The potential bid could be in a range between $6 and $8 per Talisman share, the Financial Times said, valuing the stock at a premium of up to 118 percent to its closing price on Thursday and putting a price of as much as $8 billion on the company as a whole.
Shares in the Calgary-based company, Canada’s fifth-largest independent petroleum producer, rose 33.6 percent to C$5.69 at 1630 GMT, while Repsol shares fell 5.6 percent to 16.25 euros in Madrid.
Talisman said on Monday it had been approached by a number of parties, including the Spanish oil group, with regard to various transactions, but that there was no assurance that any deal would be agreed.

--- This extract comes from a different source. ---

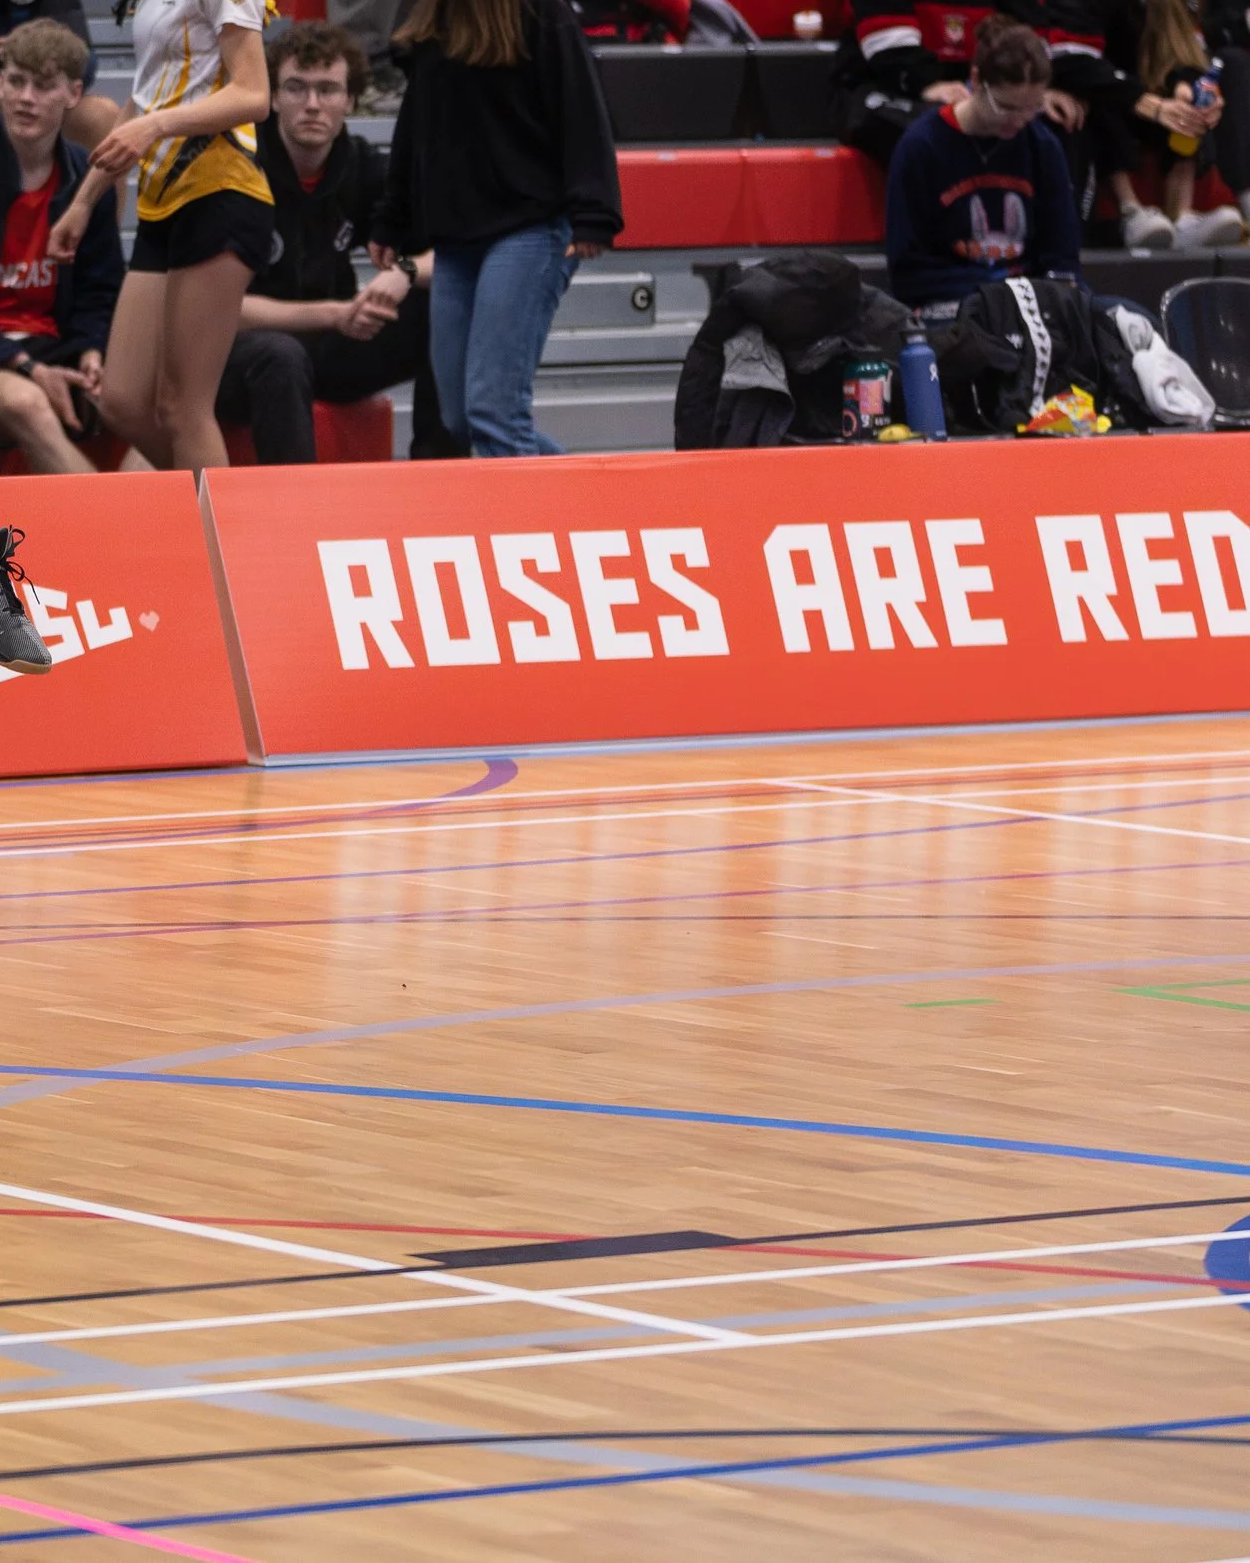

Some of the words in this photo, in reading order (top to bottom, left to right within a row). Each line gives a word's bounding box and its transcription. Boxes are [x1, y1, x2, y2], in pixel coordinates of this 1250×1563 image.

A Talisman spokesman on Friday declined to comment beyond the previous statement. Repsol declined to comment.
The Spanish oil firm, which hopes to clinch a deal before Christmas, has been searching for an acquisition to fill a funding gap after the seizure of its Argentine business.
It has focused its hunt on Canada to compensate for a loss-making investment in the Canaport liquefied natural gas terminal, where it is now seeking a partner.
A first round of talks with Talisman collapsed this summer, sending its shares down 63 percent since an August peak, partly because of North Sea assets that have missed production targets and weighed on its stock, sources said at the time.
Most of the projects, located in Britain and Norway, are held in a joint venture with China’s Sinopec, making it difficult to quickly exit the region.
A separate source recently told Reuters the two companies had renewed talks in September but they were also inconclusive.
Due diligence was carried out during first round of talks this summer. JP Morgan is advising Repsol. (Additional reporting by Scott Haggett in Calgary; Writing by Julien Toyer and Tracy Rucinski; Editing by David Holmes)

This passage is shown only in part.